Le chevalier de la Barre subit son horrible supplice en personne, et le fils du président d'Etallonde fut éxécuté en effigie sous les yeux de son père qui demanda aussitôt pour lui la confiscation du bien que le jeune homme tenait de sa mère; il garda ce bien, et n'a jamais assisté son fils. Il y a de belles âmes.

Ce martir alla se faire soldat à Vezel.

Rose et Fabert ont ainsi commencé.

Le Roi de Prusse lui a donné une sous-lieutenance, et me l'a envoyé au mois d'avril dernier.
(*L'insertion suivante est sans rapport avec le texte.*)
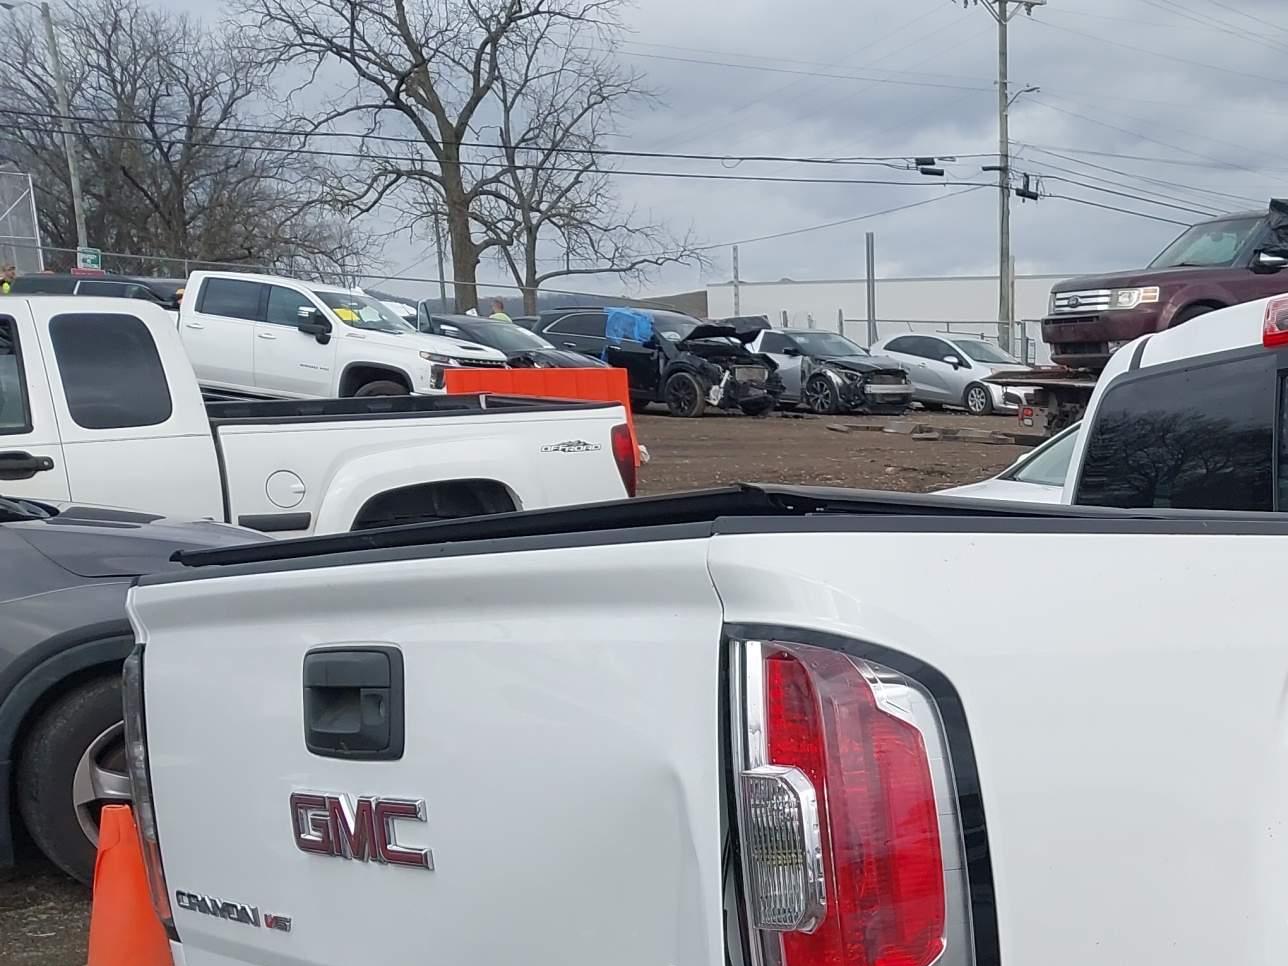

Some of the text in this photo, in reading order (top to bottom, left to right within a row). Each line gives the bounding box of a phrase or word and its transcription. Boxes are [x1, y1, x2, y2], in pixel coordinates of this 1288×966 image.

Vous saurez que ce jeune homme est le plus sage, le plus doux, le plus circonspect que j'aye jamais vu; ce qui prouve qu'il ne faut jamais couper la langue et le poing aux enfans, ni leur donner la question ordinaire et extraordinaire, ni les brûler à petit feu, parce qu'après tout ils peuvent se corriger.

Je voulais d'abord lui faire obtenir sa grâce par la protection du feu roi, et même de Made du Barri; le roi mourut au mois de mai, et made du Barri alla au pont aux dames.

Je m'adressai au commencement du mois d'auguste (que les barbares nomment aoust) à mr le chancelier de Maupou qui me promit la grâce, qui arrangea tout pour favoriser pleinement D'Etallonde; et aussitôt il est parti pour Roncheroles.

Comme je vais partir bientôt pour l'autre monde, je vous lègue D'Etallonde, mais sous le plus grand secret, parce que si vous parlez, on me déterrera pour me brûler avec lui.

Pouvez vous faire réussir cette affaire et secourir l'humanité contre les cannibales? La philosophie peut-elle réparer les maux affreux qu'a fait la superstition? Je vous enverrai le précis de ce que demande le jeune D'Etallonde. Cette bonne œuvre est audessus de celle que je vous proposais pour le frère de Protagoras Damilaville.

Je vais écrire au Roi de Prusse; il m'avait donné permission de dire qu'on lui ferait plaisir de rendre justice à son officier. Je vais lui écrire que c'est vous qui êtes le protecteur de cet infortuné, et que je le supplie de vous adresser un certificat signé et scellé de lui qui dépose de la sagesse et de la bonne conduite de D'Etallonde. S'il vous envoye ce certificat, l'un des deux Bertrands est en droit de le montrer au ministre des affaires étrangères, et de le presser de faire plaisir à un monarque dont quelque jour on pourait avoir besoin. Mr Turgot vous appuiera de tout son pouvoir, et mr de Miroménil ne refusera pas de condescendre aux volontés de deux ministres qui demanderont la chose du monde la plus juste et même la plus honorable, l'expiation du crime abominable des Pilates d'Abbeville.

Bertrands, Bertrands, cette négociation est digne de vous et de vôtre courage.

Voilà mon digne philosophe ce que je vous écrivais. Vous attendrez mollia fandi tempora. Je garderai chez moy l'officier du roy de Prusse et je vous le résignerai par mon testament.

Je viens de lire le chef d'œuvre de M. Turgot du 13 septbre. Il me semble que voilà de nouvaux cieux et une nouvelle terre.

Vivez, instruisés, faittes du bien. Cecy est pour vous et pour monsieur de Condorcet.